-- Task description --
Would you transcribe the records below exactly, omitting every picture?

-- Recorded information --
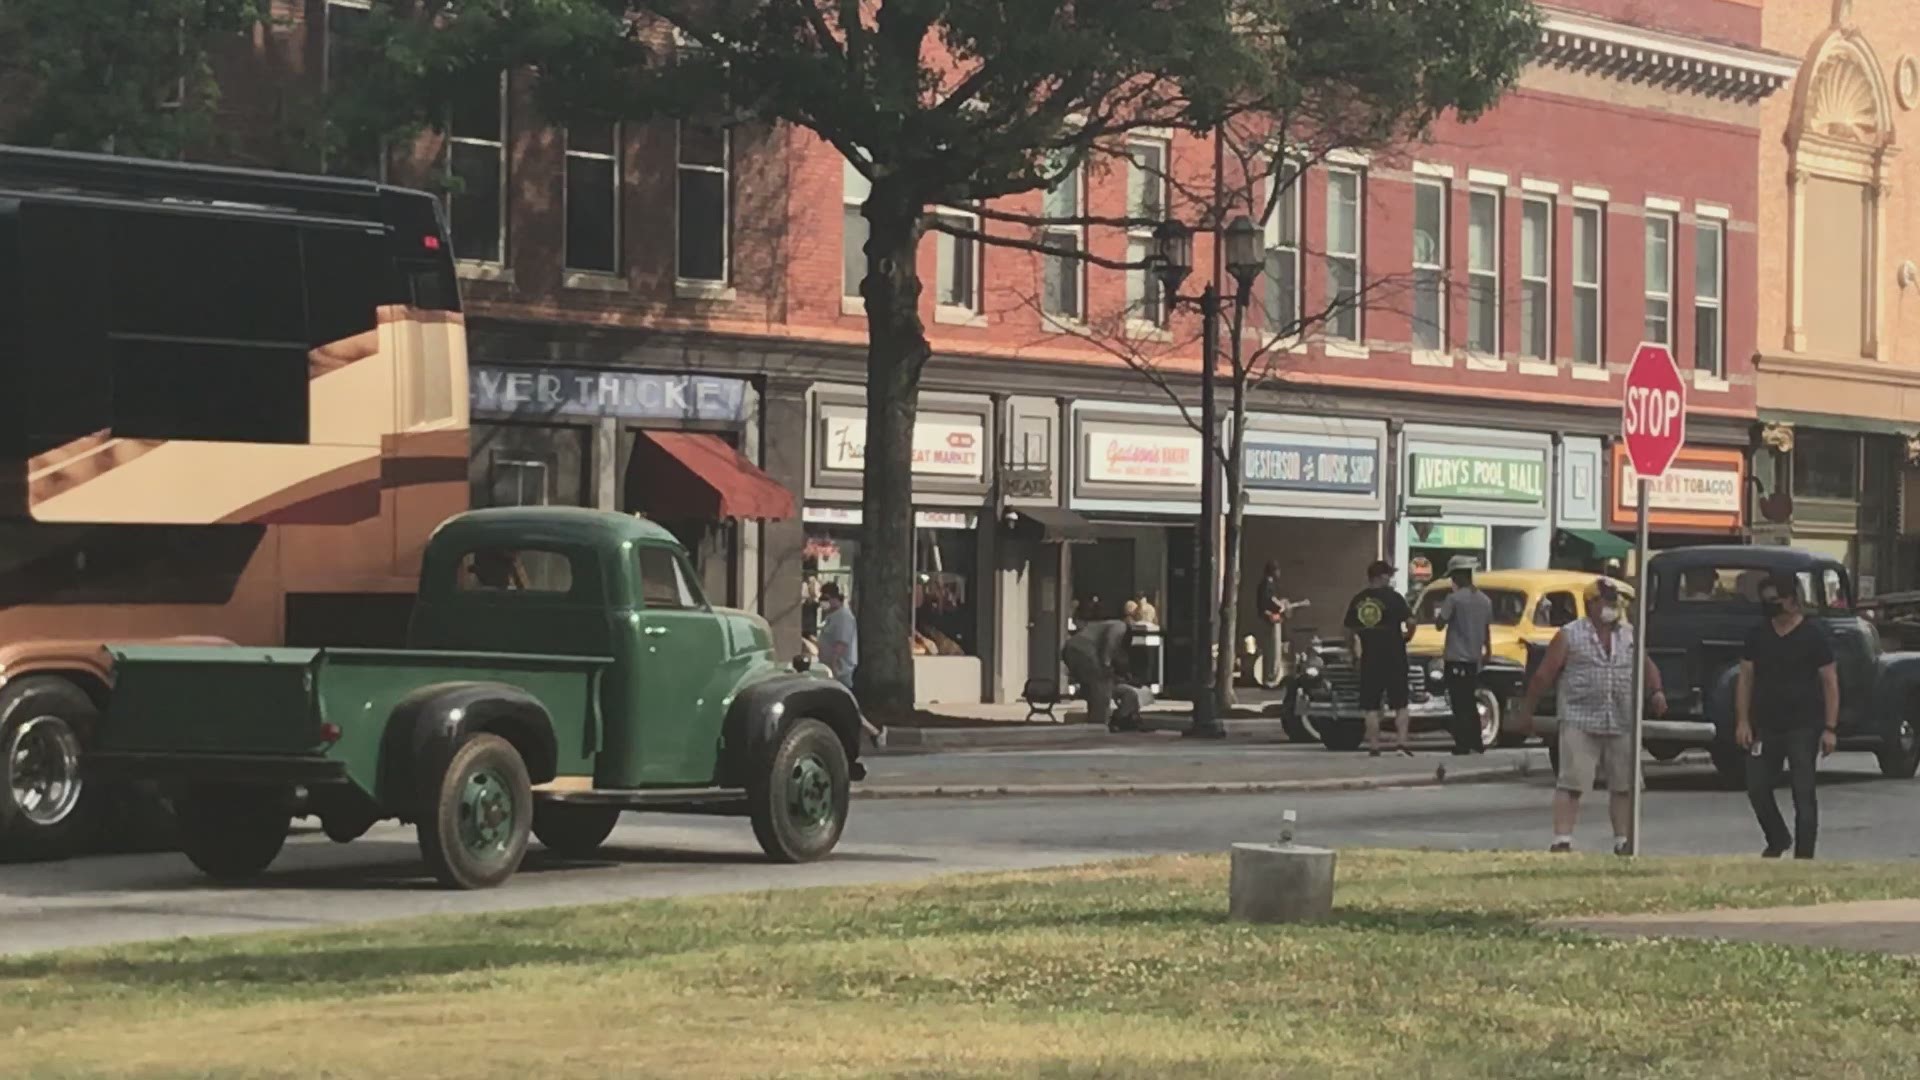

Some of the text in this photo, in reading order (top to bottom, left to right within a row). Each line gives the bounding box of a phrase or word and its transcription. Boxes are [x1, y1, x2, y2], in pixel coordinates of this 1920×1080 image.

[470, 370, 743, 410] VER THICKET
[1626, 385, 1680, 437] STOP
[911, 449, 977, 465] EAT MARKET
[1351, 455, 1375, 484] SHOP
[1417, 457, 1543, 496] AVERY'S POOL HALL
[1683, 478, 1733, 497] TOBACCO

-- Exercise result --
Some of the text in this photo, in reading order (top to bottom, left to right within a row). Each line gives the bounding box of a phrase or word and its transcription. Boxes are [x1, y1, x2, y2], in pixel coordinates of this 1920×1080 image.

[470, 370, 743, 410] VER THICKET
[1626, 385, 1680, 437] STOP
[911, 449, 977, 465] EAT MARKET
[1351, 455, 1375, 484] SHOP
[1417, 457, 1543, 496] AVERY'S POOL HALL
[1683, 478, 1733, 497] TOBACCO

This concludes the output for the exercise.